> **What you have to do**
Below is some data; print it all back exactly.

=======

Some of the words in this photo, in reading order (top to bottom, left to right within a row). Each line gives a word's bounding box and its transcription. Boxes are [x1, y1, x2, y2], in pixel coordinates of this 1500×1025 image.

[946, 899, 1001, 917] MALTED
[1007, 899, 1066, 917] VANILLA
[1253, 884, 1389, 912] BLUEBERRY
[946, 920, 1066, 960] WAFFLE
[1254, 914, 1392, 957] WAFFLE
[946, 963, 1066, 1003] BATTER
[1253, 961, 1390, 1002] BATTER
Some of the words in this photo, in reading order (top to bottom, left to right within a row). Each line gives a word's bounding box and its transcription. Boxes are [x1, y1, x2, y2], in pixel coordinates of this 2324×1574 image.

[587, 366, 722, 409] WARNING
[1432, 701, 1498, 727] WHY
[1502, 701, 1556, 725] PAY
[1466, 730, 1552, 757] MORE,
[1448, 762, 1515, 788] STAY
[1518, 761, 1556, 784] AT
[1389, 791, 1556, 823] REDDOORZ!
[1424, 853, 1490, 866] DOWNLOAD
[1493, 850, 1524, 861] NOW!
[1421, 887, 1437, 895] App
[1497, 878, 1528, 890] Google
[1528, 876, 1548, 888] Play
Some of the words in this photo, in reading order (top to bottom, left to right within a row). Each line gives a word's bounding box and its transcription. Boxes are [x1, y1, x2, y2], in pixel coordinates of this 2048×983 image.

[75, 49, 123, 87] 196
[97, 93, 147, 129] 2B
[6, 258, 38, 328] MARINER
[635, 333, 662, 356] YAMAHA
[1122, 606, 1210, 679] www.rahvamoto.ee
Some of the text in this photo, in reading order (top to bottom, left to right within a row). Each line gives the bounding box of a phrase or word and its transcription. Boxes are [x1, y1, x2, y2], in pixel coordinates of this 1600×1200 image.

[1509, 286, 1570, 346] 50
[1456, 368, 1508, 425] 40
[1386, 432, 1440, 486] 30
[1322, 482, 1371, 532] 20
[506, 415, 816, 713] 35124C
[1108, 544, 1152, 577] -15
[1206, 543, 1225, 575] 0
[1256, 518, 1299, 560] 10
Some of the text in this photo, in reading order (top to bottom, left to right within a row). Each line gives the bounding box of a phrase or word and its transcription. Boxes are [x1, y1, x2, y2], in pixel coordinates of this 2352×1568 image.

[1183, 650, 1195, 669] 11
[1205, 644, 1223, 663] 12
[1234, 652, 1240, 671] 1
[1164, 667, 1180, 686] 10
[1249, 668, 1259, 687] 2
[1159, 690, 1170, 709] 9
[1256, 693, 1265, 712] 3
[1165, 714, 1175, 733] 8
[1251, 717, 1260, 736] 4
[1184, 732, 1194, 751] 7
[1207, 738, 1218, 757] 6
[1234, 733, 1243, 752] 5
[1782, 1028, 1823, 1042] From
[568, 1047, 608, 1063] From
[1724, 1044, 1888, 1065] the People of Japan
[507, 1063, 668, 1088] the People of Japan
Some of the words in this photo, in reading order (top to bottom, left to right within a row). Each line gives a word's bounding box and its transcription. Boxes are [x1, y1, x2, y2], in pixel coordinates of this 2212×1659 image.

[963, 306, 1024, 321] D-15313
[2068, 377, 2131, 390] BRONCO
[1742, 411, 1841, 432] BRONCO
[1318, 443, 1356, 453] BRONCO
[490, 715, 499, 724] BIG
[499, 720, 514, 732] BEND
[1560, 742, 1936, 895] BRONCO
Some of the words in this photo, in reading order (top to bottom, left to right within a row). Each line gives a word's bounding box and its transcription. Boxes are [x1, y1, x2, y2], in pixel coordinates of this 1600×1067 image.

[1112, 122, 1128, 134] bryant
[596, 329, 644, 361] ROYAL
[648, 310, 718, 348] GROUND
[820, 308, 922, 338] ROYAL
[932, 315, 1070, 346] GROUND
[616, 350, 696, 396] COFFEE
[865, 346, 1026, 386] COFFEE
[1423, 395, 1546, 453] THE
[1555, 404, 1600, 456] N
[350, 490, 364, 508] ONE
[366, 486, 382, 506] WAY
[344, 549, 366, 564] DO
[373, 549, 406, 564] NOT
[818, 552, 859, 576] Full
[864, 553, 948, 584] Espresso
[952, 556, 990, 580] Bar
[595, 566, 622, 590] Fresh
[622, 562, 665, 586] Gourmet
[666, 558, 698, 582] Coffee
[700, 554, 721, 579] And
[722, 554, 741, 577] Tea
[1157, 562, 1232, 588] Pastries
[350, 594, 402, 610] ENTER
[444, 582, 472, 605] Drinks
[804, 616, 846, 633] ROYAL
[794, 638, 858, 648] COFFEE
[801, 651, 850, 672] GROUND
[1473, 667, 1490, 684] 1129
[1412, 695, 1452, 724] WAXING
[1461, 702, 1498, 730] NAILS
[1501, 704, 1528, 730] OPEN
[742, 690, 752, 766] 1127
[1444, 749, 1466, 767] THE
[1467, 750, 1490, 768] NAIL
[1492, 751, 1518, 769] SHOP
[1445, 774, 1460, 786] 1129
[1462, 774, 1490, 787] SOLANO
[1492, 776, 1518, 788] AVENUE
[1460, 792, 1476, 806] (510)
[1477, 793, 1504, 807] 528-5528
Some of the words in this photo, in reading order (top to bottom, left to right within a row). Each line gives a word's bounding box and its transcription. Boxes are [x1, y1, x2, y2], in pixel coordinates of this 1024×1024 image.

=======

> **Task answer**
Some of the words in this photo, in reading order (top to bottom, left to right within a row). Each line gives a word's bounding box and its transcription. Boxes are [x1, y1, x2, y2], in pixel coordinates of this 1500×1025 image.

[946, 899, 1001, 917] MALTED
[1007, 899, 1066, 917] VANILLA
[1253, 884, 1389, 912] BLUEBERRY
[946, 920, 1066, 960] WAFFLE
[1254, 914, 1392, 957] WAFFLE
[946, 963, 1066, 1003] BATTER
[1253, 961, 1390, 1002] BATTER
Some of the words in this photo, in reading order (top to bottom, left to right within a row). Each line gives a word's bounding box and its transcription. Boxes are [x1, y1, x2, y2], in pixel coordinates of this 2324×1574 image.

[587, 366, 722, 409] WARNING
[1432, 701, 1498, 727] WHY
[1502, 701, 1556, 725] PAY
[1466, 730, 1552, 757] MORE,
[1448, 762, 1515, 788] STAY
[1518, 761, 1556, 784] AT
[1389, 791, 1556, 823] REDDOORZ!
[1424, 853, 1490, 866] DOWNLOAD
[1493, 850, 1524, 861] NOW!
[1421, 887, 1437, 895] App
[1497, 878, 1528, 890] Google
[1528, 876, 1548, 888] Play
Some of the words in this photo, in reading order (top to bottom, left to right within a row). Each line gives a word's bounding box and its transcription. Boxes are [x1, y1, x2, y2], in pixel coordinates of this 2048×983 image.

[75, 49, 123, 87] 196
[97, 93, 147, 129] 2B
[6, 258, 38, 328] MARINER
[635, 333, 662, 356] YAMAHA
[1122, 606, 1210, 679] www.rahvamoto.ee
Some of the text in this photo, in reading order (top to bottom, left to right within a row). Each line gives the bounding box of a phrase or word and its transcription. Boxes are [x1, y1, x2, y2], in pixel coordinates of this 1600×1200 image.

[1509, 286, 1570, 346] 50
[1456, 368, 1508, 425] 40
[1386, 432, 1440, 486] 30
[1322, 482, 1371, 532] 20
[506, 415, 816, 713] 35124C
[1108, 544, 1152, 577] -15
[1206, 543, 1225, 575] 0
[1256, 518, 1299, 560] 10
Some of the text in this photo, in reading order (top to bottom, left to right within a row). Each line gives the bounding box of a phrase or word and its transcription. Boxes are [x1, y1, x2, y2], in pixel coordinates of this 2352×1568 image.

[1183, 650, 1195, 669] 11
[1205, 644, 1223, 663] 12
[1234, 652, 1240, 671] 1
[1164, 667, 1180, 686] 10
[1249, 668, 1259, 687] 2
[1159, 690, 1170, 709] 9
[1256, 693, 1265, 712] 3
[1165, 714, 1175, 733] 8
[1251, 717, 1260, 736] 4
[1184, 732, 1194, 751] 7
[1207, 738, 1218, 757] 6
[1234, 733, 1243, 752] 5
[1782, 1028, 1823, 1042] From
[568, 1047, 608, 1063] From
[1724, 1044, 1888, 1065] the People of Japan
[507, 1063, 668, 1088] the People of Japan
Some of the words in this photo, in reading order (top to bottom, left to right within a row). Each line gives a word's bounding box and its transcription. Boxes are [x1, y1, x2, y2], in pixel coordinates of this 2212×1659 image.

[963, 306, 1024, 321] D-15313
[2068, 377, 2131, 390] BRONCO
[1742, 411, 1841, 432] BRONCO
[1318, 443, 1356, 453] BRONCO
[490, 715, 499, 724] BIG
[499, 720, 514, 732] BEND
[1560, 742, 1936, 895] BRONCO
Some of the words in this photo, in reading order (top to bottom, left to right within a row). Each line gives a word's bounding box and its transcription. Boxes are [x1, y1, x2, y2], in pixel coordinates of this 1600×1067 image.

[1112, 122, 1128, 134] bryant
[596, 329, 644, 361] ROYAL
[648, 310, 718, 348] GROUND
[820, 308, 922, 338] ROYAL
[932, 315, 1070, 346] GROUND
[616, 350, 696, 396] COFFEE
[865, 346, 1026, 386] COFFEE
[1423, 395, 1546, 453] THE
[1555, 404, 1600, 456] N
[350, 490, 364, 508] ONE
[366, 486, 382, 506] WAY
[344, 549, 366, 564] DO
[373, 549, 406, 564] NOT
[818, 552, 859, 576] Full
[864, 553, 948, 584] Espresso
[952, 556, 990, 580] Bar
[595, 566, 622, 590] Fresh
[622, 562, 665, 586] Gourmet
[666, 558, 698, 582] Coffee
[700, 554, 721, 579] And
[722, 554, 741, 577] Tea
[1157, 562, 1232, 588] Pastries
[350, 594, 402, 610] ENTER
[444, 582, 472, 605] Drinks
[804, 616, 846, 633] ROYAL
[794, 638, 858, 648] COFFEE
[801, 651, 850, 672] GROUND
[1473, 667, 1490, 684] 1129
[1412, 695, 1452, 724] WAXING
[1461, 702, 1498, 730] NAILS
[1501, 704, 1528, 730] OPEN
[742, 690, 752, 766] 1127
[1444, 749, 1466, 767] THE
[1467, 750, 1490, 768] NAIL
[1492, 751, 1518, 769] SHOP
[1445, 774, 1460, 786] 1129
[1462, 774, 1490, 787] SOLANO
[1492, 776, 1518, 788] AVENUE
[1460, 792, 1476, 806] (510)
[1477, 793, 1504, 807] 528-5528
Some of the words in this photo, in reading order (top to bottom, left to right within a row). Each line gives a word's bounding box and its transcription. Boxes are [x1, y1, x2, y2], in pixel coordinates of this 1024×1024 image.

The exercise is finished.